1. Some people might think that Bryan Caplan is ranking how reasonable people are, but he is actually ranking how many of the same priors these people share with him.
2 Felix Salmon points us to a fund that is designed to go long tail risk, the kicker is that they expect to lose 12% to 18% in non-tail event years. It is unclear how much the truly provides diversification benefits for hedge fund investors, since its correlation with funds trying to make steady returns via the opposite method may be too close to negative one. At the very least, it may hedge them against the tail risk in funds that they don't know are producing a majority of their returns via the opposite strategy.

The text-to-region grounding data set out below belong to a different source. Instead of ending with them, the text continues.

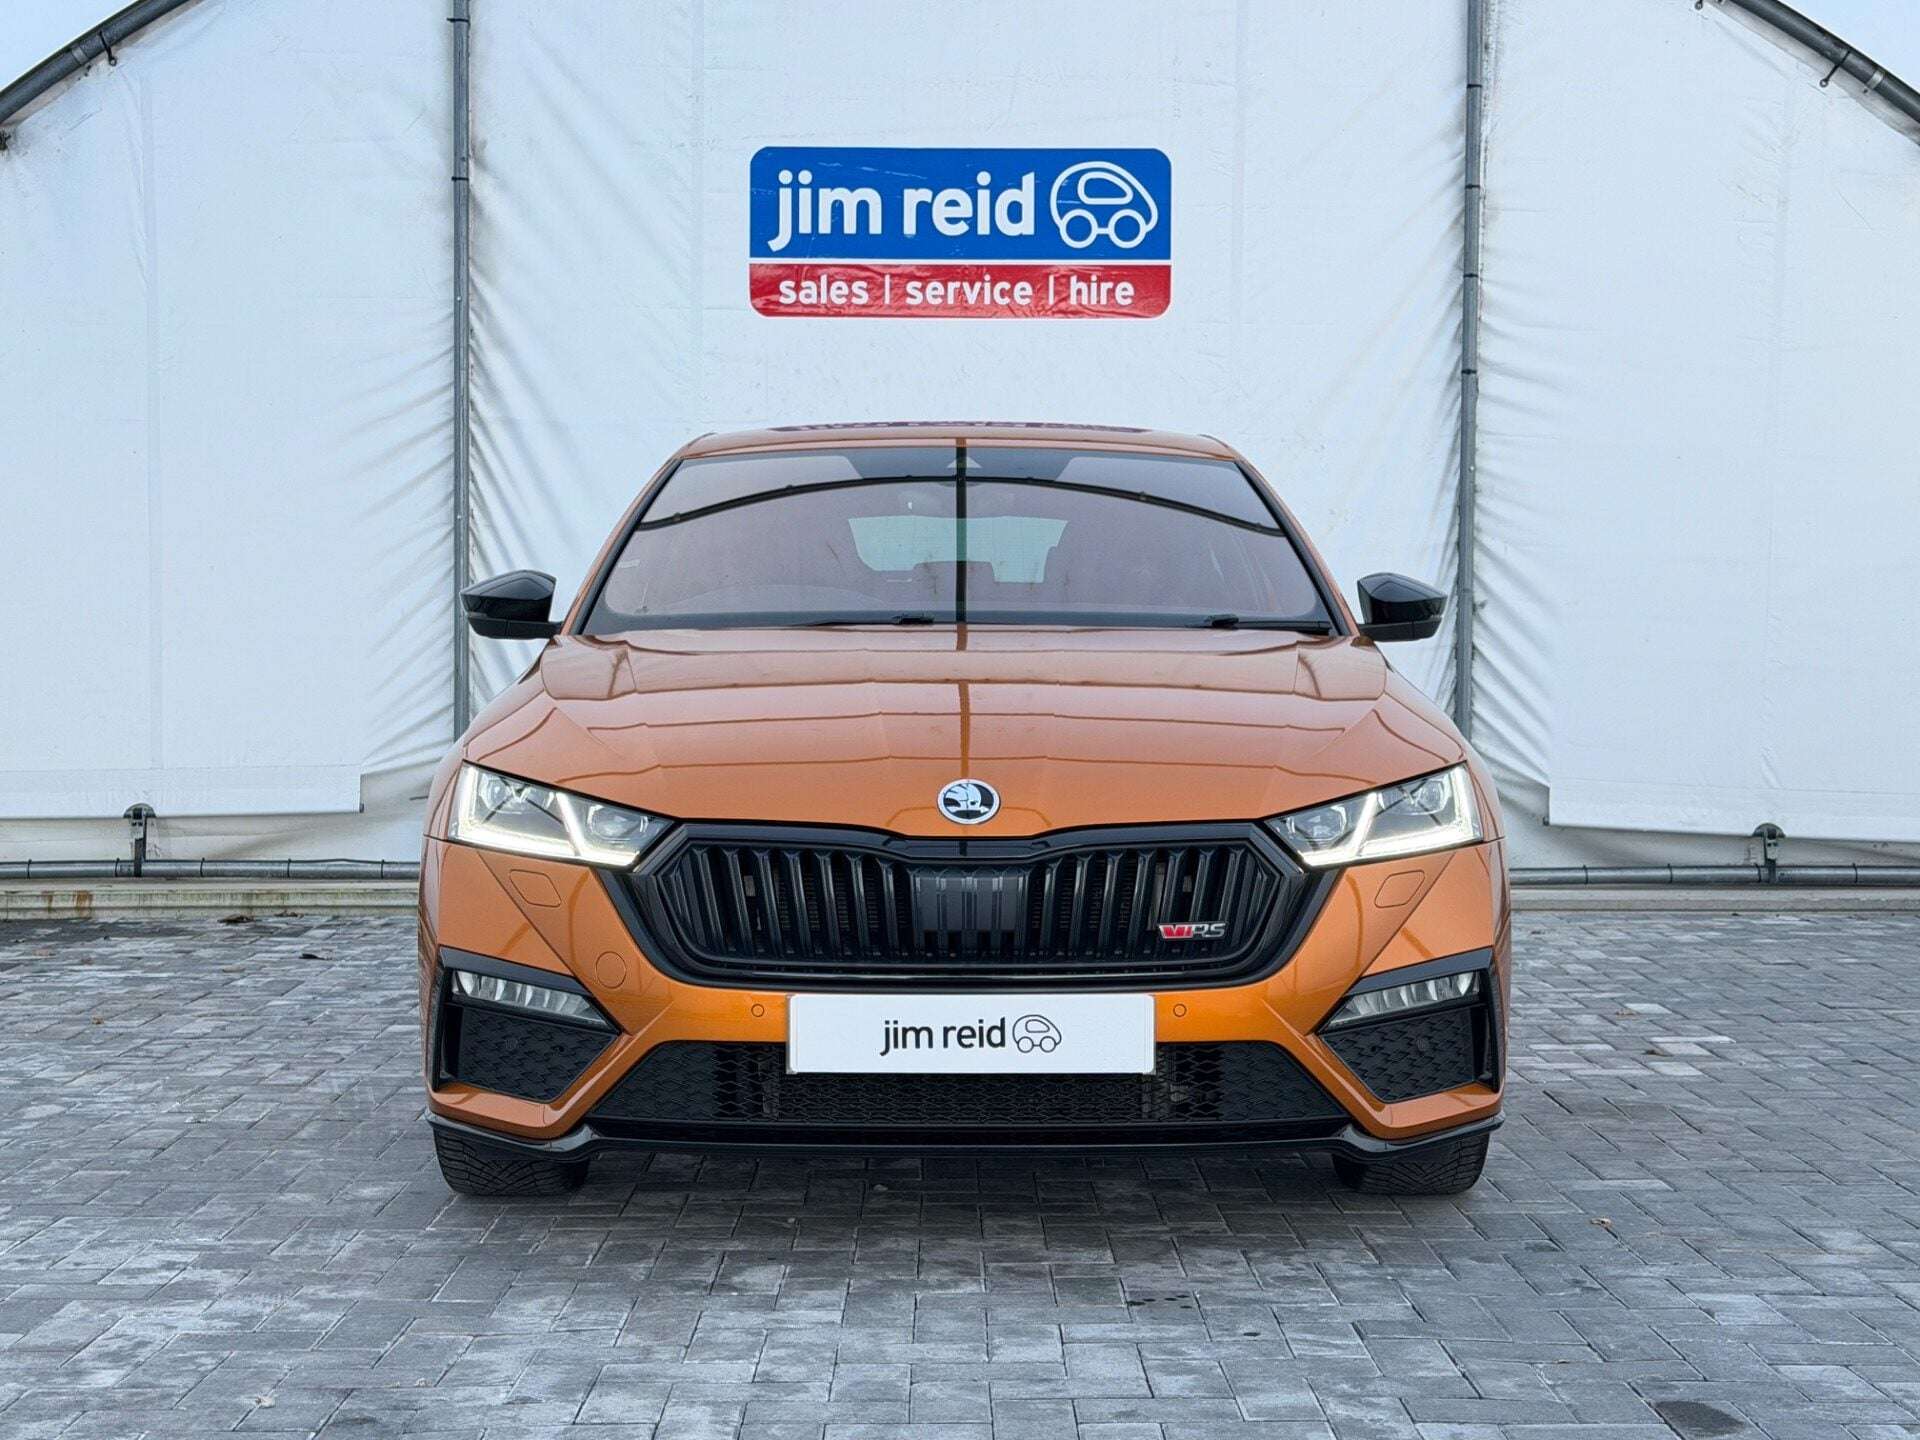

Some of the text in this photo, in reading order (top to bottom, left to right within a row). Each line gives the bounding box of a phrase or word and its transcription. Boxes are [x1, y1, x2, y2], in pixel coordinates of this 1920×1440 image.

[767, 169, 1036, 252] jim reid
[778, 274, 1136, 306] sales service hire
[880, 1017, 1006, 1056] jim reid
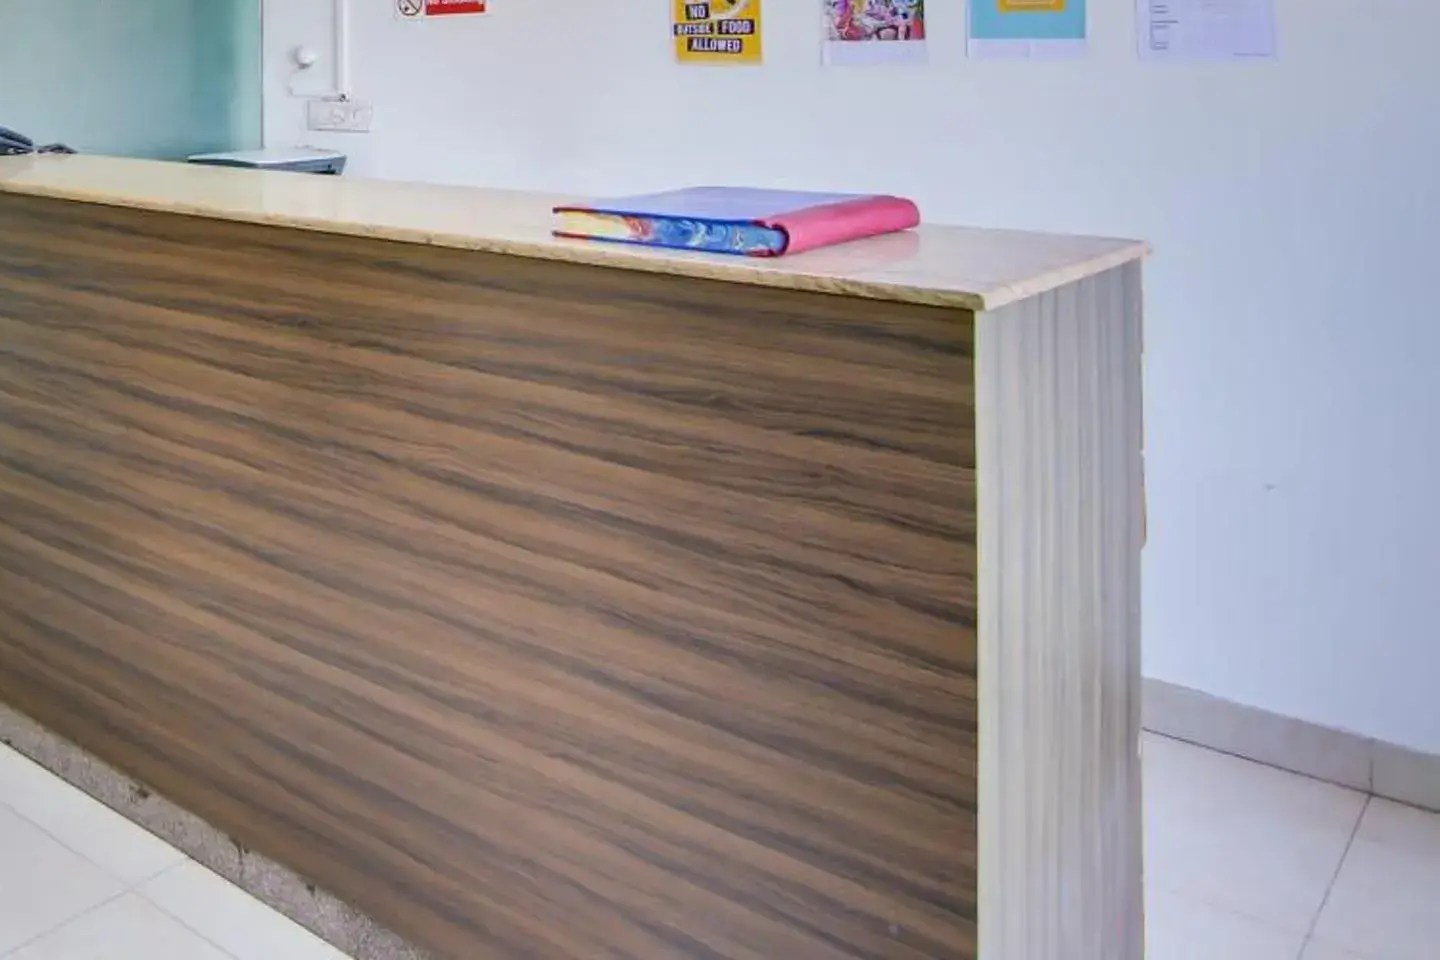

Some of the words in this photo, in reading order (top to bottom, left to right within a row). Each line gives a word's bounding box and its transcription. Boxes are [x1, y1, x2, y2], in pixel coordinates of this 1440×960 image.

[689, 5, 706, 18] NO
[721, 20, 751, 33] FOOD
[691, 38, 741, 52] ALLOWED
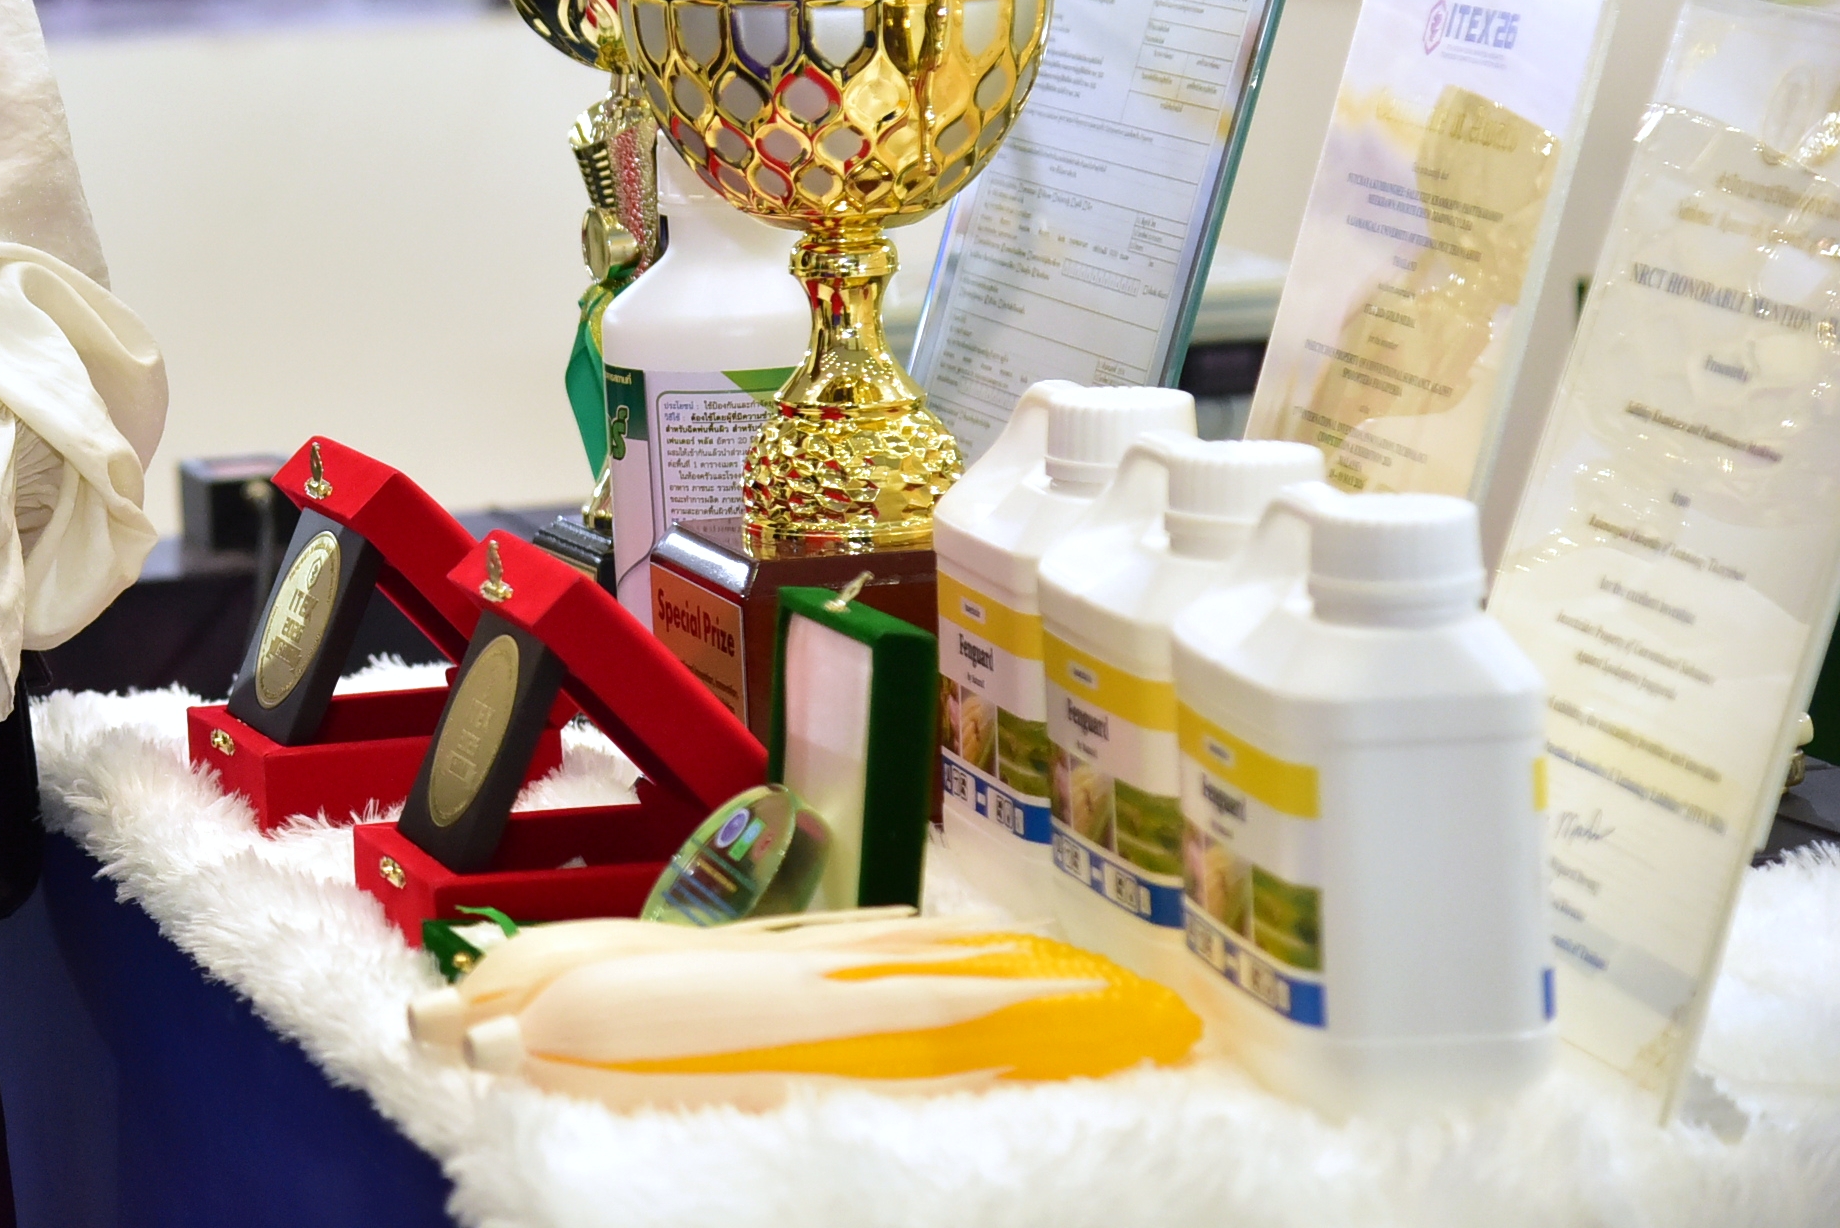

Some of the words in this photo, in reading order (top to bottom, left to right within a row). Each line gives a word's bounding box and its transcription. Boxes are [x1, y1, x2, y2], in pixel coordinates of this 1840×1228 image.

3. Scott Sumner uses ideas similar to Krugman's reply to the ECB's pro-austerity positions to critique Krugman's uncritical examination of the Eichengreen, et al, study on depression multipliers. Since that is one too many links, the basic summary is that the ECB found time periods when fiscal austerity was associated with recovery. However, Krugman believed that these examples of austerity working occurred in tandem with either a shirt towards trade surpluses or a weaker monetary policy. The ECB didn't control for these positive factors when discussing how austerity might help, since the whole world can't go into a trade surplus nor can they devalue their currency against everyone else. However, Sumner points out that the same critique of ignoring monetary stimulus applies to many of the depression multipliers calculated in the Eichengreen, et al, study.
The combination of the ECB view and Krugman's critique makes a good case for a compromise of monetary stimulus and fiscal responsibility. The main problem with this approach is that it doesn't serve the interests of either major party in any way. The democrats would rather find arguments for stimulating the economy with spending, and the republicans would prefer tax cuts. Furthermore, the republicans are very suspicious of any form of inflationary monetary policy, as they correctly recognize that it is a tax on capital while the democrats would worry that pushing for monetary stimulus, which will raise asset prices, will make them look like friends of the rich on Wall Street.
4. Greg Mankiw has an article in the New York Times on the Trilemma of International Finance. The idea is that a country can have two of the following: Openness to flows of international capital, monetary policy as a tool to stabilize the economy and stability in the currency exchange rate.
Three major players made three different choices:
US: Openness and monetary policy
China: Monetary policy and currency stability
Europe's monetary union: Openness and currency stability (The Bundesbank.. I mean ECB has until recently only been there to preserve price stability, as opposed to the Fed's mandate to "to promote effectively the goals of maximum employment, stable prices, and moderate long-term interest rates.")
Due to these fundamental different economic choices, when there is dialogue between these countries they are often talking past each other because they are assuming that their choice is the optimal one. However, when the ECB got involved in the Greek bailout and the preemptive bailout of the other PIIGS they moved towards the US's choice. If China starts to float their currency, they'll move towards either Europe or the US, although that seems like it will be a very slow process.